Bushnell wrote in his will that he wanted his ashes to be scattered in a free Palestine. (Image: Palestine Chronicle)

By Palestine Chronicle Staff  

The young US soldier who set himself on fire outside the Israeli embassy in Washington DC on February 25 wrote in his will that he wanted his ashes to be scattered in a free Palestine.

“I am sorry to my brother and my friends for leaving you like this. Of course, if I was truly sorry, I wouldn’t be doing it. But the machine demands blood. None of this is fair,” Bushnell wrote before his act of self-immolation according to the Crimethinc website.

“I wish for my remains to be cremated. I do not wish for my ashes to be scattered or my remains to be buried as my body does not belong anywhere in this world,” he continued.

“If a time comes when Palestinians regain control of their land, and if the people native to the land would be open to the possibility, I would love for my ashes to be scattered in a free Palestine,” he added.

Bushnell, 25, an active-duty member of the Air Force, told his friends that he had had direct knowledge of US fighters engaged in active combat in Gaza, according to a report published in the New York Post.

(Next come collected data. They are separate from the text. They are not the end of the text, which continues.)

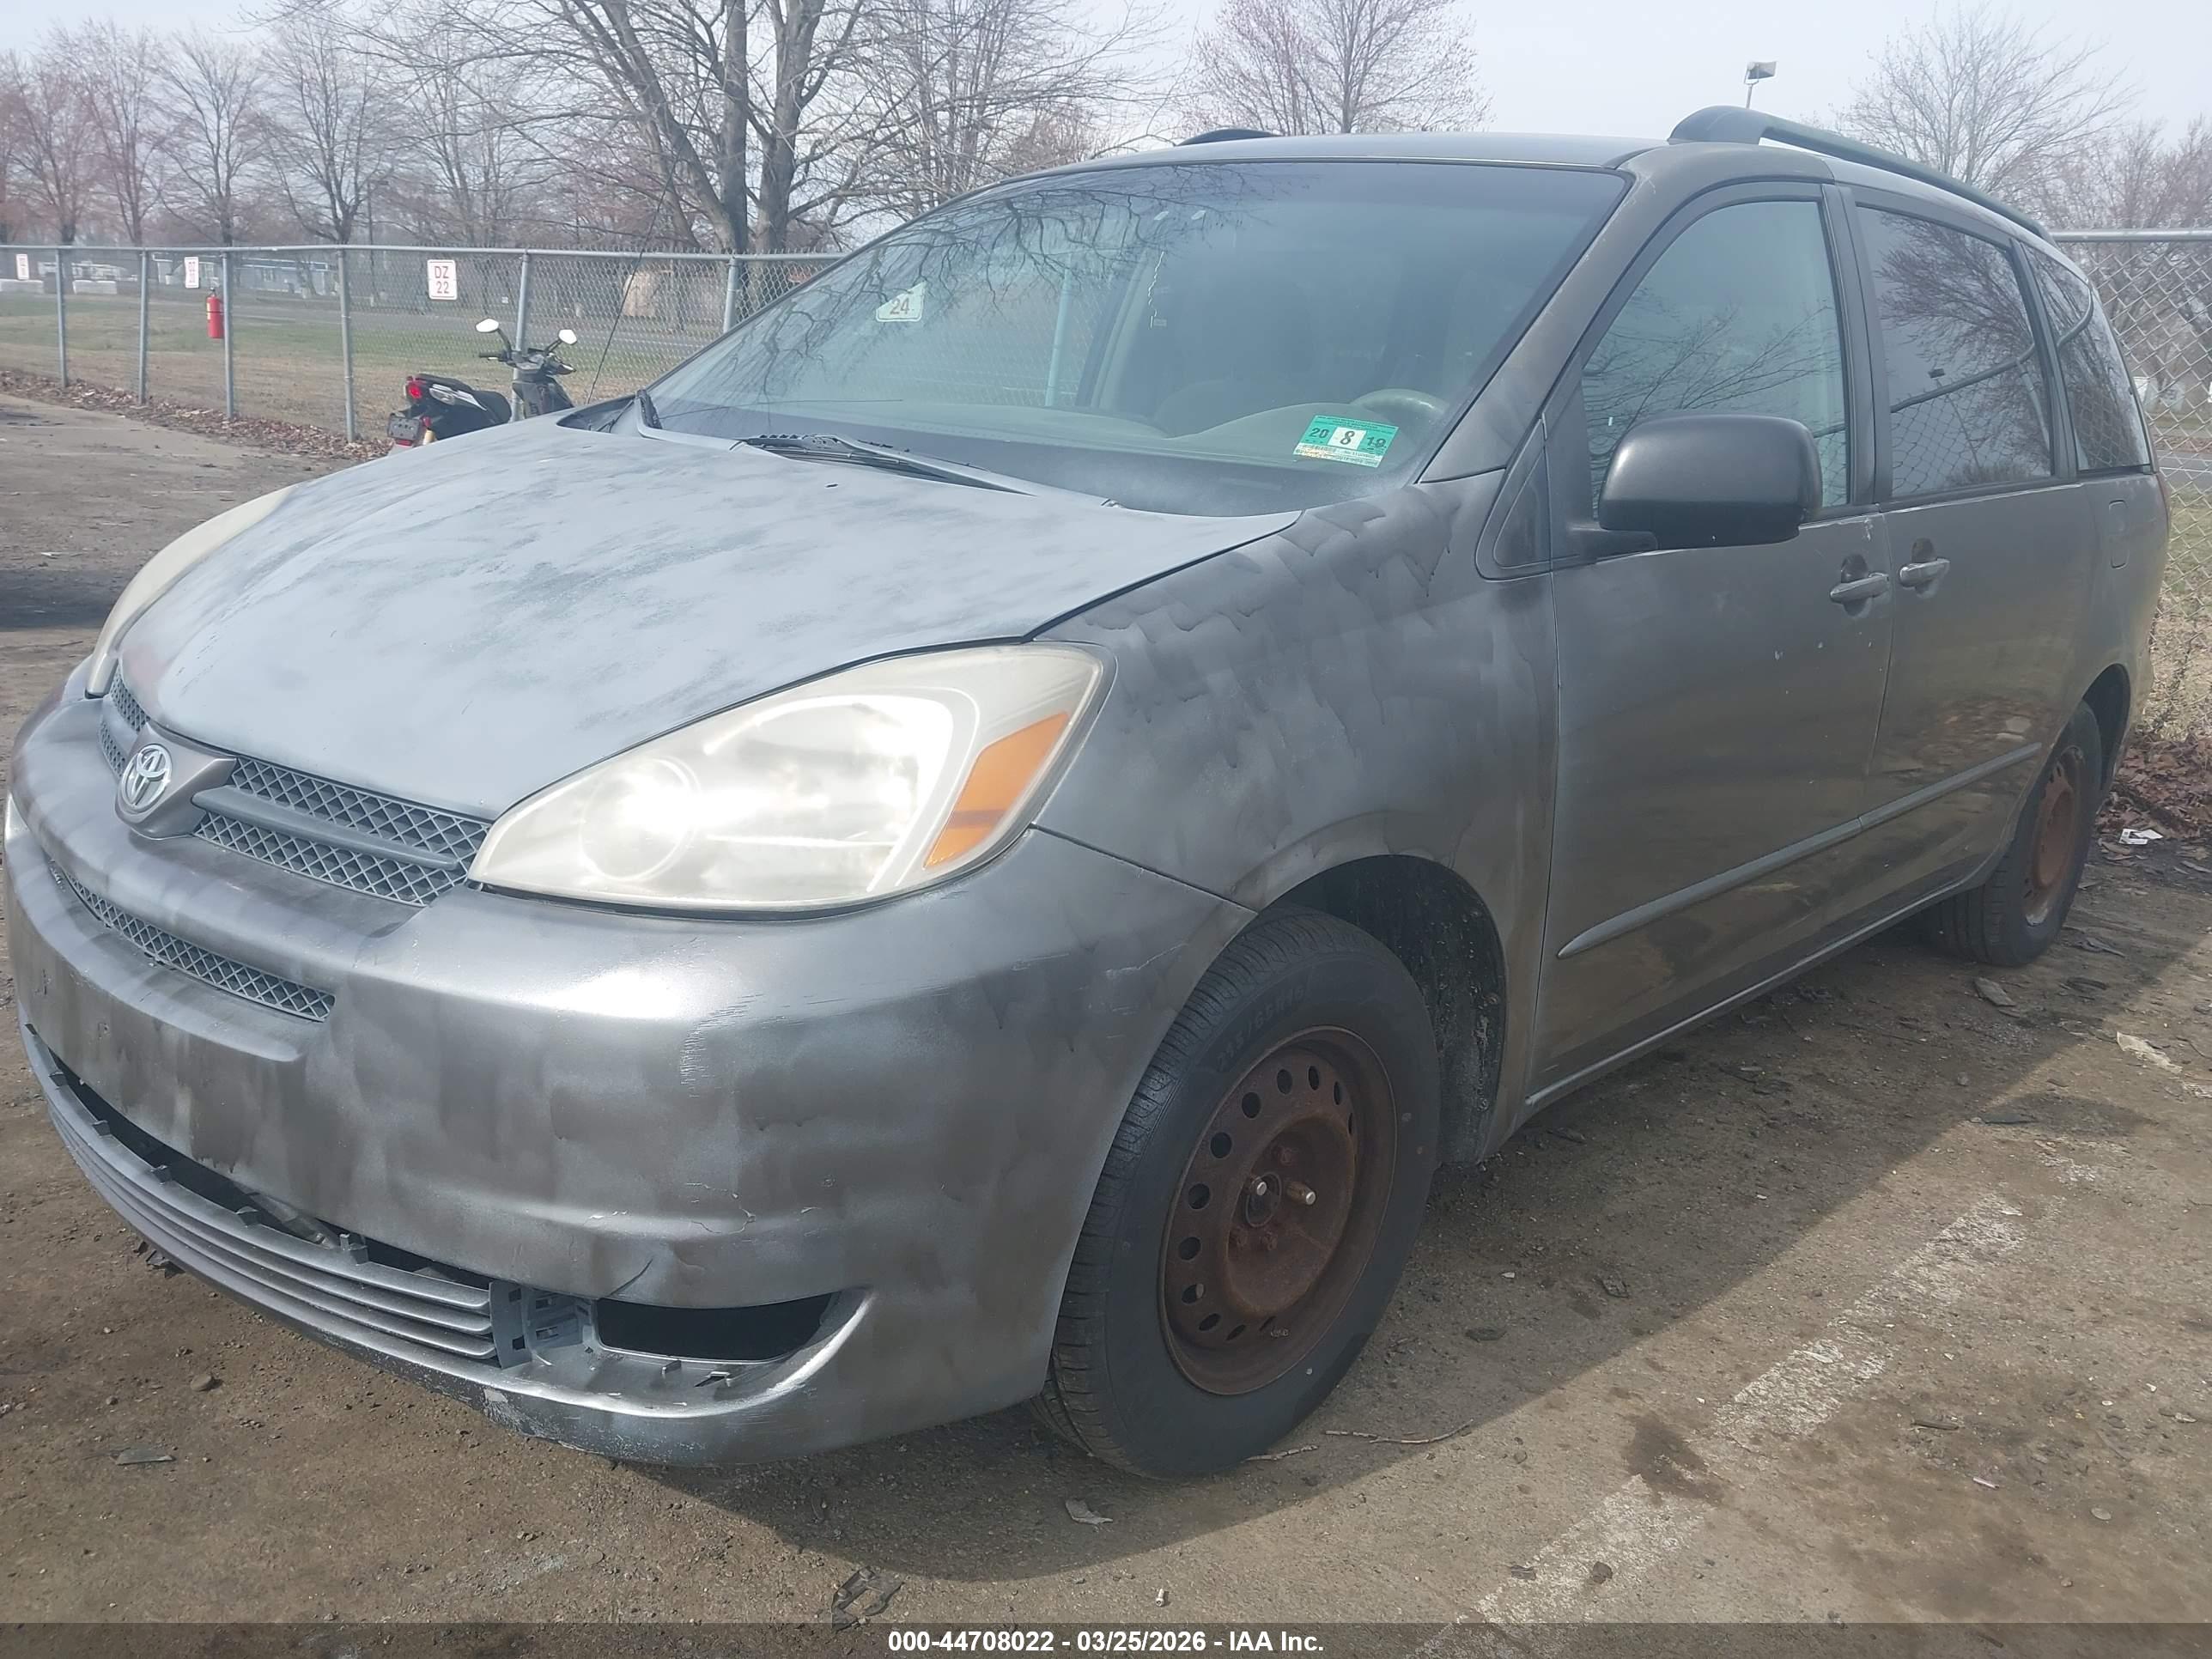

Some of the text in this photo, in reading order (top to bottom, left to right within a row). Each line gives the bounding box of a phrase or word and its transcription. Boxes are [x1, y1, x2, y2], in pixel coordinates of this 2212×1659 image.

[434, 265, 449, 279] DZ
[435, 281, 449, 294] 22
[890, 297, 910, 315] 24
[1309, 428, 1329, 439] 20
[1340, 430, 1355, 446] 8

“I will no longer be complicit in genocide. I am about to engage in an extreme act of protest, but compared to what people have been experiencing in Palestine at the hands of their colonizers, it’s not extreme at all,” he said during a livestream on his mobile phone before setting himself ablaze. 

Dressed in military uniform, Bushnell shouted “Freedom for Palestine” repeatedly, until he could no longer speak.

US Military in Gaza

Though the Biden Administration insisted that no US troops would be directly involved in the war on Gaza, media reports suggested that the US has some kind of direct military involvement in the Israeli war, which has led to the killing and wounding of over 100,000 civilians. 

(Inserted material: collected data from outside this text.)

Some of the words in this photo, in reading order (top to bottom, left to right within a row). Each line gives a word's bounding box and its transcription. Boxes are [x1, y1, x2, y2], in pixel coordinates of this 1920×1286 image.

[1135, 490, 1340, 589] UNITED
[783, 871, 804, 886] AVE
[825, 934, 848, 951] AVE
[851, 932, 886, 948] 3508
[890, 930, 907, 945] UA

The Post cited an earlier New York Times report saying that US special operations forces have been deployed in Israel since Hamas’ October 7 to “identify hostages, including American hostages.” 

Special forces have also been on hand to assist with strategy for Israeli troops in Gaza, who are flushing out Hamas members from the network of tunnels under the territory,” according to the Post, which added that the NYT report had noted that US troops are “not assigned any combatant roles.”

Israel’s Genocide 

The Israeli genocide in Gaza has ignited anger all over the world, not just against Israel, but also against the US and its western allies who either directly supported the war or did little to stop it. 

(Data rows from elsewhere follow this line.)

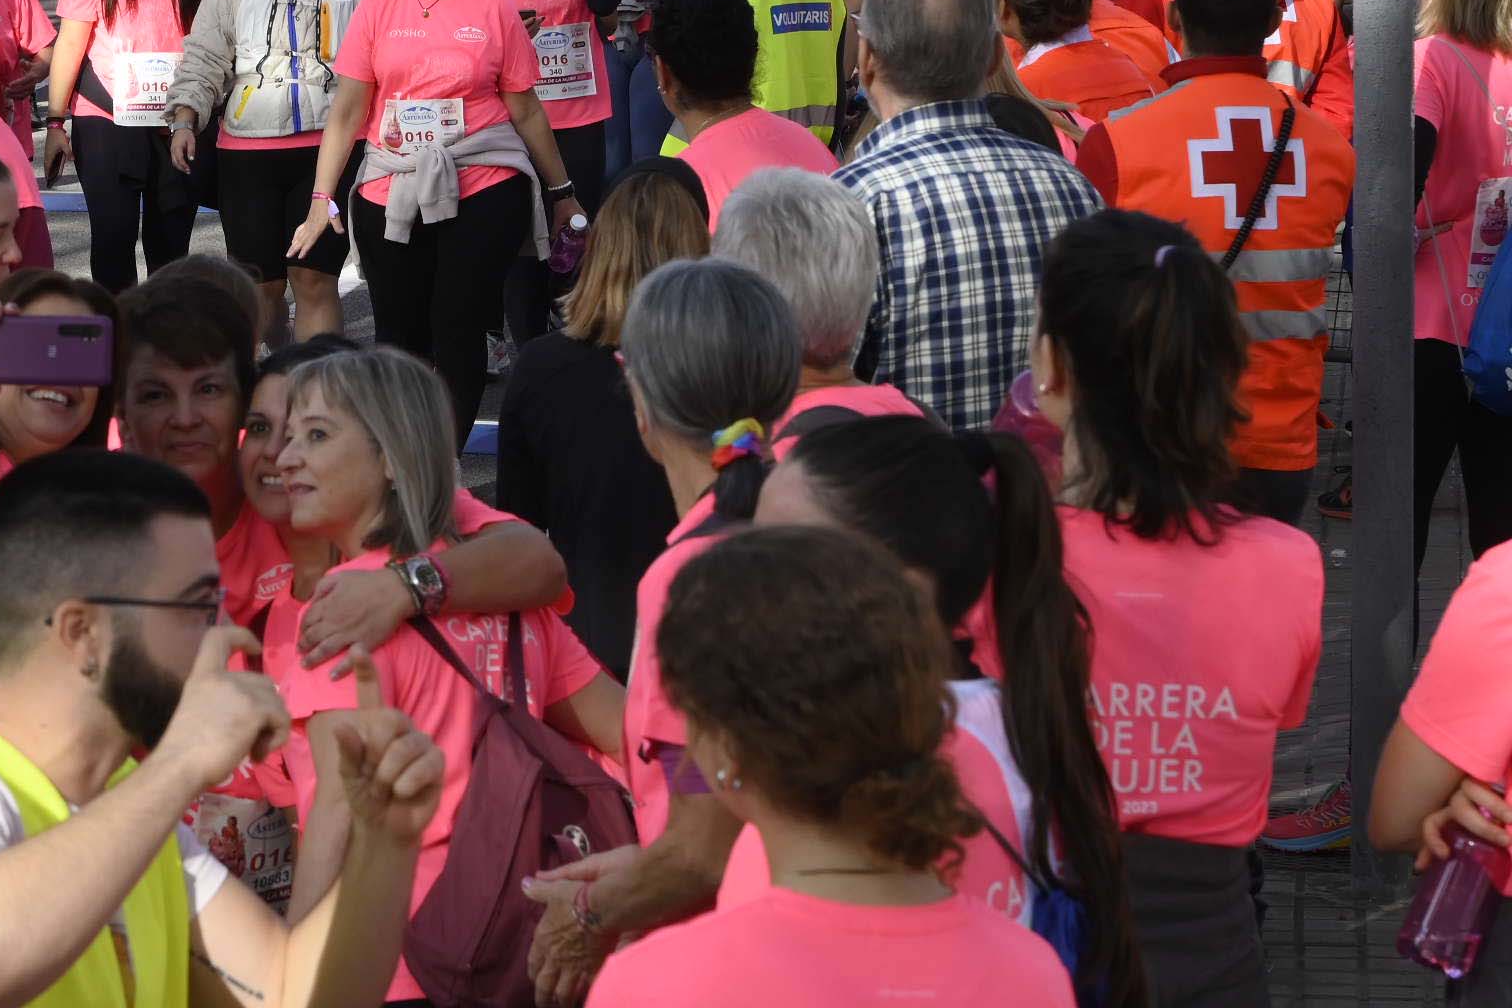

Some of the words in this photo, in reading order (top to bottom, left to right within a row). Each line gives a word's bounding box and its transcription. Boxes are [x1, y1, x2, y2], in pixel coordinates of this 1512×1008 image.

[390, 29, 426, 39] OYSHO
[541, 53, 569, 67] 016
[549, 68, 563, 76] 340
[142, 81, 168, 92] 016
[403, 113, 435, 121] ASTURIANA
[405, 130, 434, 143] 016
[1150, 724, 1199, 756] LA
[1122, 800, 1159, 815] 2023
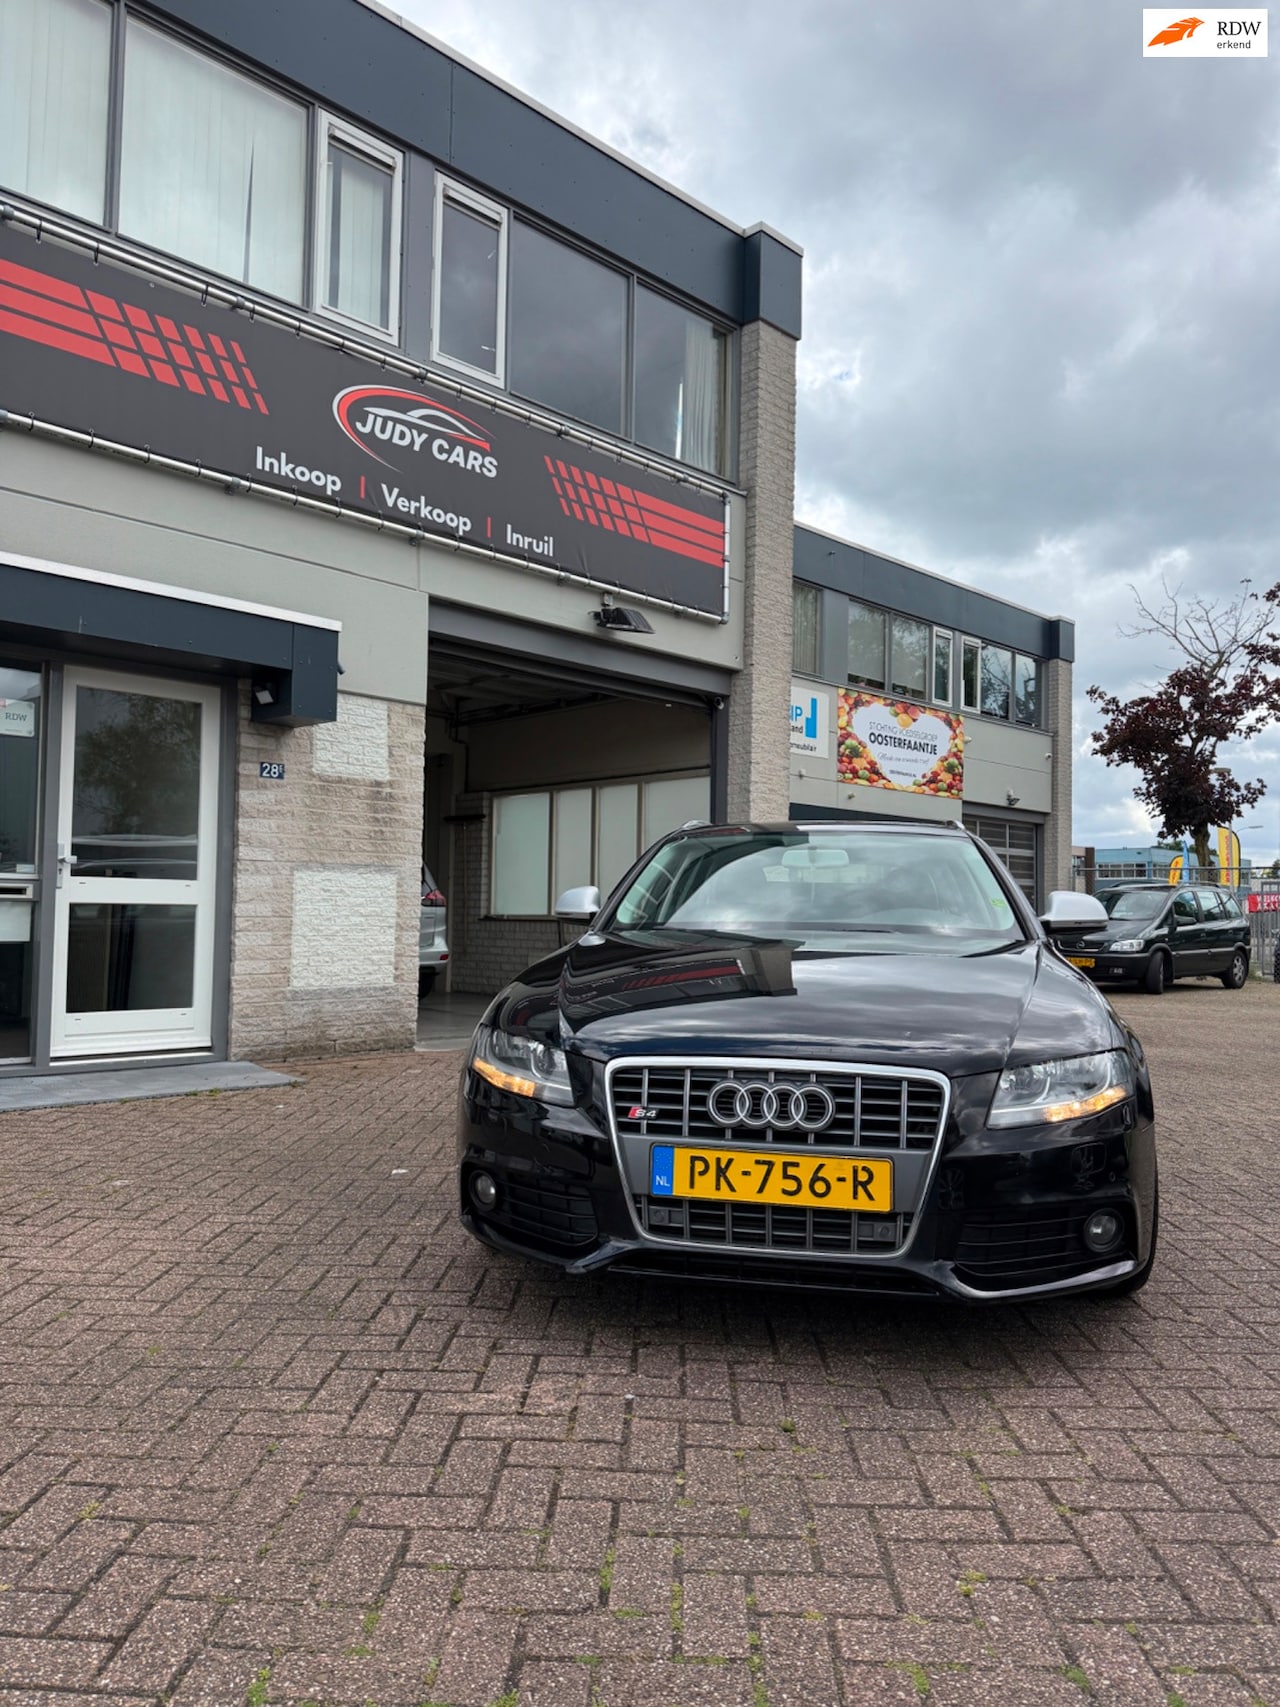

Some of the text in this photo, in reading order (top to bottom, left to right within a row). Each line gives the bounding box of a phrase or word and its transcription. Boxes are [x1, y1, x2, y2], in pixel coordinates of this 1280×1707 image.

[355, 413, 499, 479] JUDY CARS
[256, 446, 554, 557] Inkoop Verkoop Inruil
[5, 712, 27, 721] RDW
[791, 725, 804, 734] and
[868, 731, 938, 756] OOSTERFAANTJE
[635, 1108, 657, 1117] S4
[655, 1155, 875, 1201] NL PK-756-R

Currently on trial before the International Court of Justice for genocide against Palestinians, Israel has been waging a devastating war on Gaza since October 7. 

According to Gaza’s Ministry of Health, 30,320 Palestinians have been killed, and 71,533 wounded in Israel’s ongoing genocide in Gaza starting on October 7.

Moreover, at least 7,000 people are unaccounted for, presumed dead under the rubble of their homes throughout the Strip. 

Palestinian and international organizations say that the majority of those killed and wounded are women and children.

The Israeli aggression has also resulted in the forceful displacement of nearly two million people from all over the Gaza Strip, with the vast majority of the displaced forced into the densely crowded southern city of Rafah near the border with Egypt – in what has become Palestine’s largest mass exodus since the 1948 Nakba.

Israel says that 1,200 soldiers and civilians were killed during the Al-Aqsa Flood Operation on October 7. Israeli media published reports suggesting that many Israelis were killed on that day by ‘friendly fire.’